NINE MILE FALLS – Two brothers were starting their morning chores when they noticed that their sheep had escaped from the pen.

The flock was scattered across a field, where a wolf crouched in the tall grass. The wolf ran away when Bob and Rich Tessier sped toward it on four-wheelers. An 80-pound ewe had been killed; two other sheep were injured.

The June 16 attack occurred on a small ranch near Nine Mile Falls, within 15 miles of downtown Spokane. The wolf’s proximity to Eastern Washington’s largest metro center surprised even some wildlife officials.

“They’re here, closer to Spokane than anyone thought,” said Madonna Luers, a Washington Department of Fish and Wildlife spokeswoman.

Wild wolves seldom pose a threat to people, she said, noting that only two human deaths from wolf attacks have been documented in North America over the past 60 years. But livestock are a different matter.

“We know that Spokane County is full of hobby farmers,” she said. “There are people who raise all sorts of things – goats, llamas and sheep. It’s something to have a heads-up about. Wolves are one of our native species that are rejoining the suite of predators out there.”

The sheep attack occurred about two miles from Riverside State Park’s ranger station in Nine Mile Falls. The Tessier brothers live on Pine Bluff Road, an area of rural homes with intermingled pasture and timberland.

Bob Tessier declined to be interviewed. He said he and his brother had told a wildlife officer everything they knew about the incident and they “preferred to be done with it.”

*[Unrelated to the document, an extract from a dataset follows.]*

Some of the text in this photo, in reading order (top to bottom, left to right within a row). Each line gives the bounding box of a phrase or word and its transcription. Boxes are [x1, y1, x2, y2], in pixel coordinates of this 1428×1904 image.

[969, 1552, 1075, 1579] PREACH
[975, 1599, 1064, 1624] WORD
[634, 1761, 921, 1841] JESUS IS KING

In the report, Rich Tessier said he had seen strange-looking scat by the sheep pen about a week before the attack. It didn’t resemble coyote sign, which the brothers said they frequently find on their property.

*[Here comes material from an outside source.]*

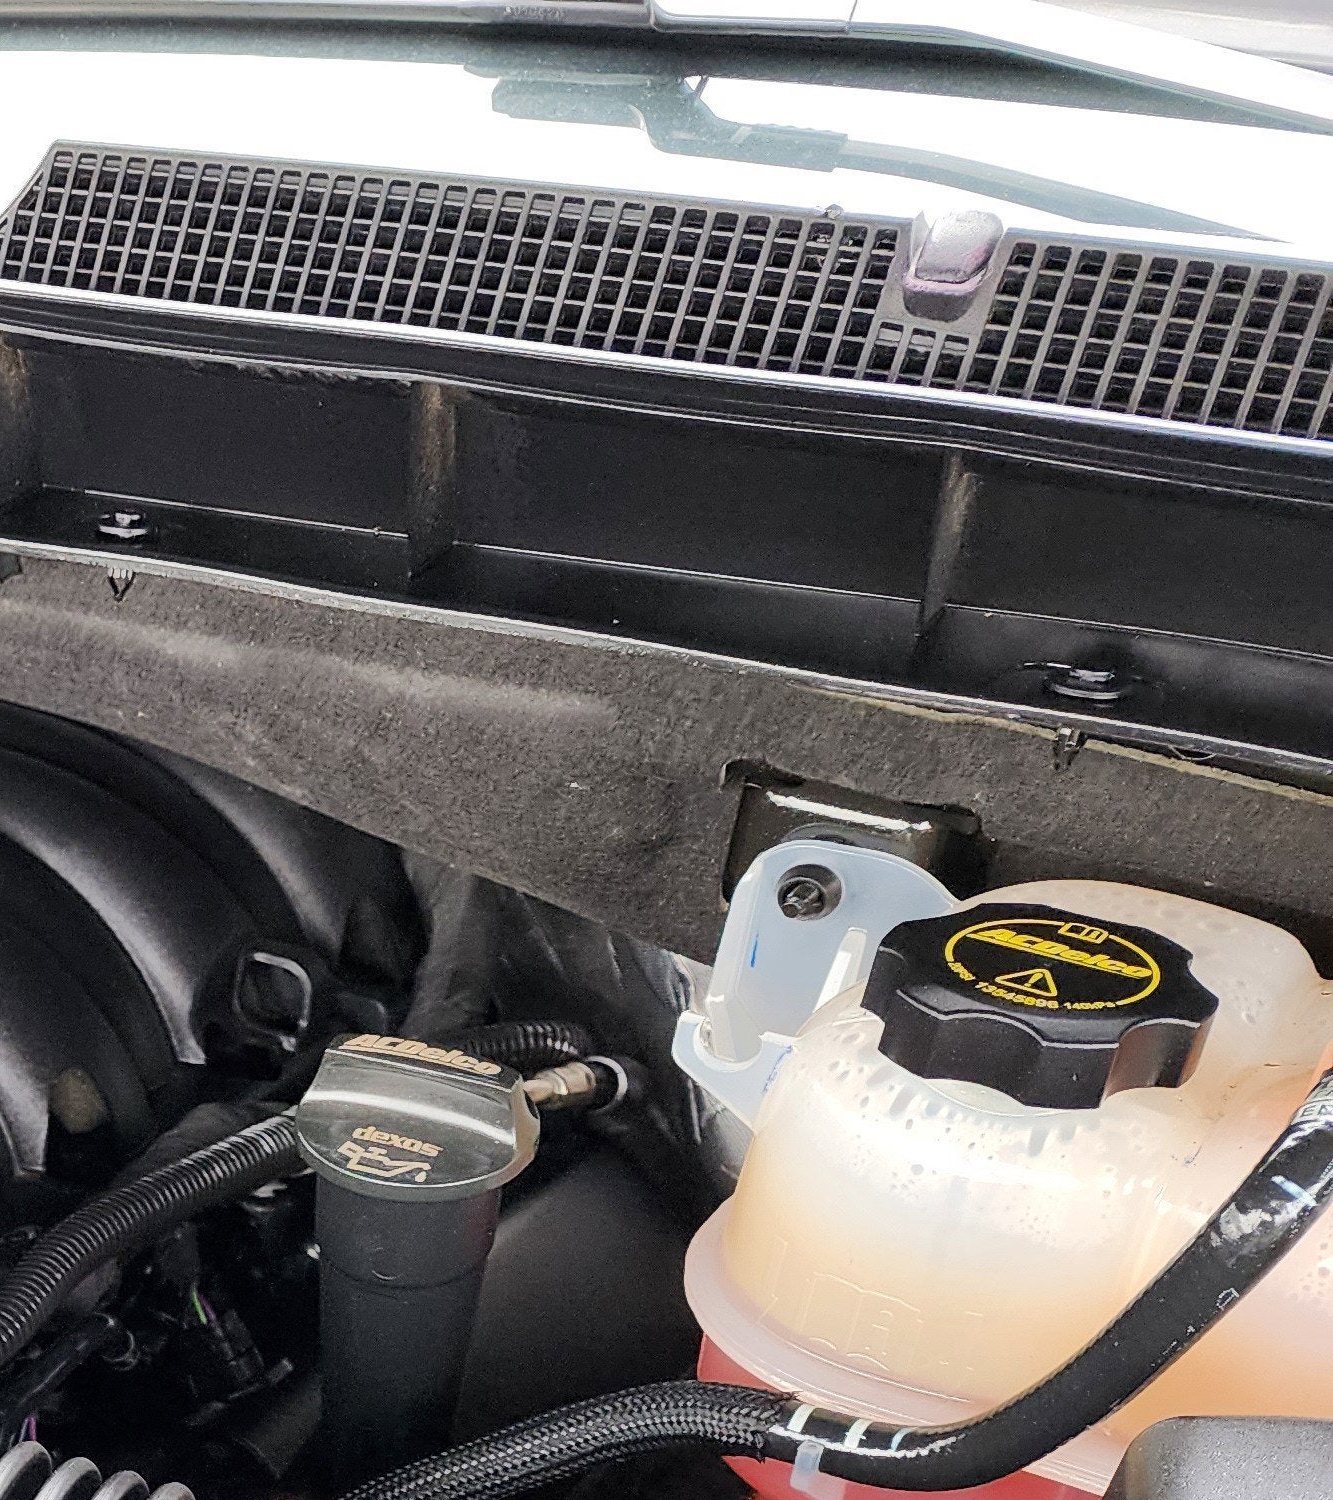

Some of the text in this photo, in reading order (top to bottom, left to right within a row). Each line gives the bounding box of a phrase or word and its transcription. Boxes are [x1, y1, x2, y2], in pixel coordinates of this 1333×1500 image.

[966, 928, 1154, 979] ACDelco
[338, 1033, 502, 1075] ACDelco
[352, 1125, 444, 1158] dexos

Tracks left in the dew indicate the wolf paced up and down beside the pen on the morning of June 16. The men spotted the wolf about 6:20 a.m. They got within about 40 yards of it and described the wolf as dark-colored with a lighter face.

The Fish and Wildlife officer who performed a necropsy confirmed that the ewe’s injuries were consistent with a wolf kill. The ewe was bleeding from the neck, where massive bruising was also present.

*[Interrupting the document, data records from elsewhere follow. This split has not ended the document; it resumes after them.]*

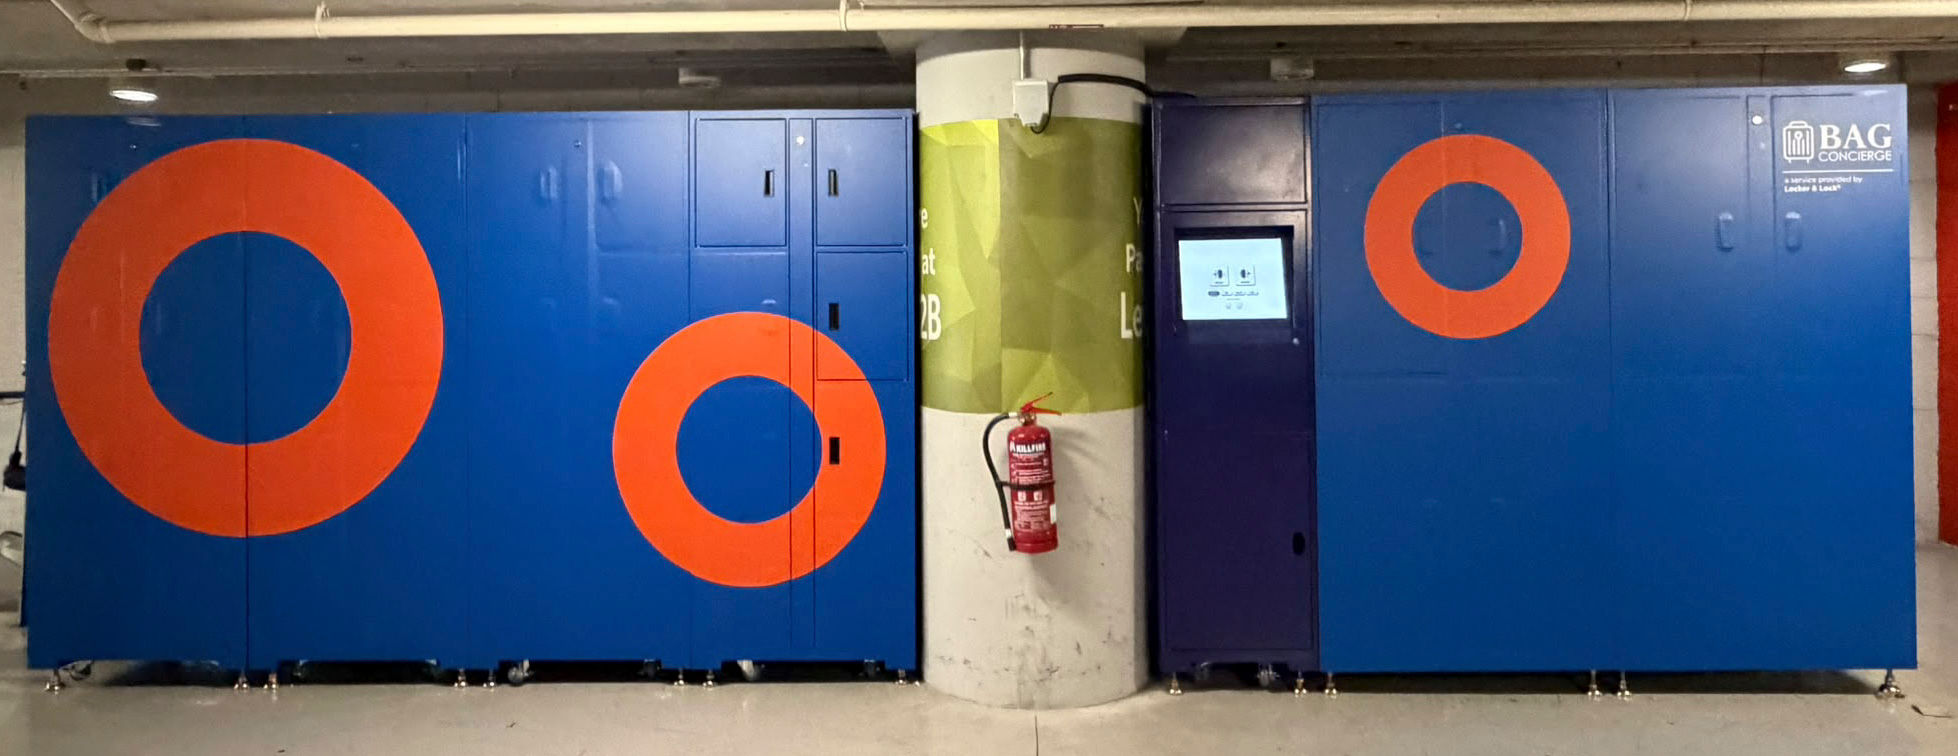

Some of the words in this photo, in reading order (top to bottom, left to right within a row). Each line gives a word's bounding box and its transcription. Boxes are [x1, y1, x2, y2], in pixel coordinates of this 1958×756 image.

[1820, 123, 1892, 149] BAG
[1818, 150, 1892, 162] CONCIERGE
[1818, 176, 1851, 185] provided
[1853, 176, 1863, 184] by
[1784, 185, 1810, 193] Locker
[1812, 184, 1817, 192] &
[921, 293, 941, 340] 2B
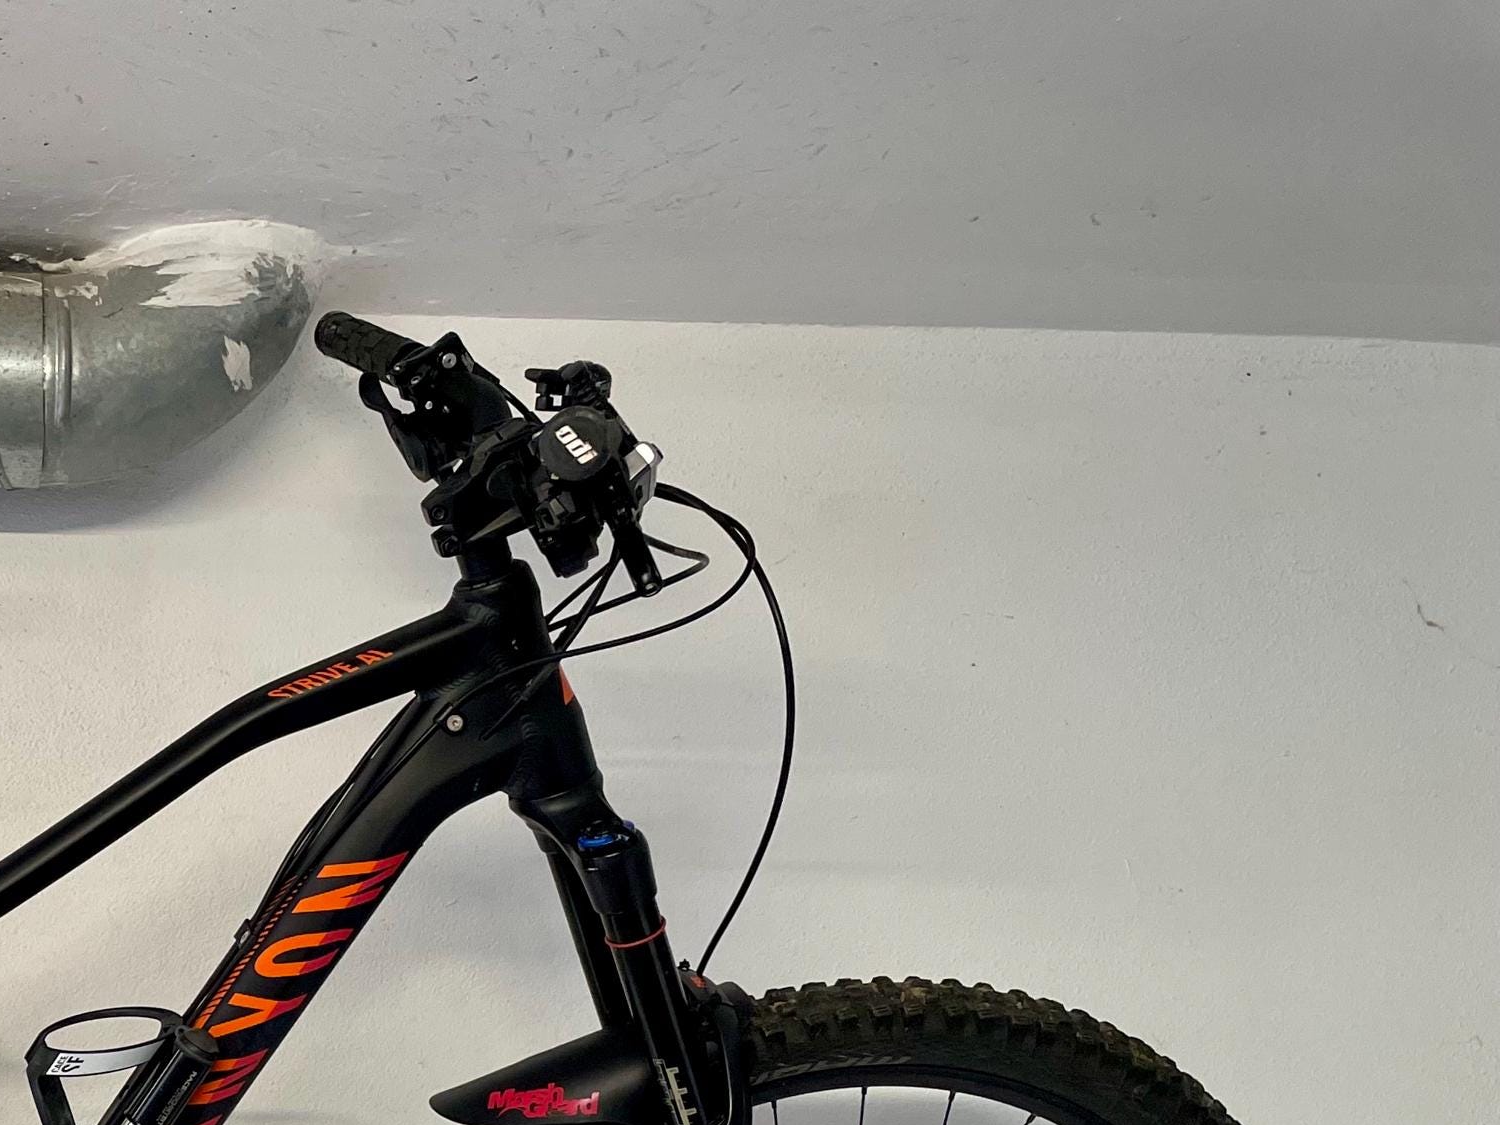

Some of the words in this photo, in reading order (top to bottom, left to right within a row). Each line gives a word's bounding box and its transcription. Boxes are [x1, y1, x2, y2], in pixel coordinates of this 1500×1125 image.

[555, 424, 598, 464] odi
[268, 662, 360, 698] STRIVE
[356, 649, 393, 666] AL

The sheep enclosure was surrounded by a 4-foot-tall electric fence, and it’s unclear whether the wolf got inside. It could have happened, which might be what caused the 15 sheep to bolt, said Art Swannack, a Whitman County sheep producer.

“It’s easily possible for a wolf to jump a 4-foot electric fence,” he said. “I’ve seen a coyote do it, and I’ve seen guard dogs do it.”

Swannack is a member of Washington’s Wolf Working Group, which provided input on the state’s wolf management plan. The plan offers compensation to livestock owners who lose animals through wolf depredation.

The ewe was worth about $300, according to the Tessiers. It’s a special breed that sheds its wool so shearing isn’t required.

No additional wolf sightings have been reported in the Nine Mile Falls area, but the June 16 incident confirms that wild wolves have ventured south into Spokane County, Luers said.

Members of the public definitely took notice of the earlier news reports, she said. About a week ago, the agency received a call from a resident of the Indian Trail neighborhood on Spokane’s western edge. The caller claimed to have snapped a picture of a wolf in the neighborhood.

Wildlife biologists examined the photo.

“It was clearly a coyote,” Luers said, “but we take all reports seriously.”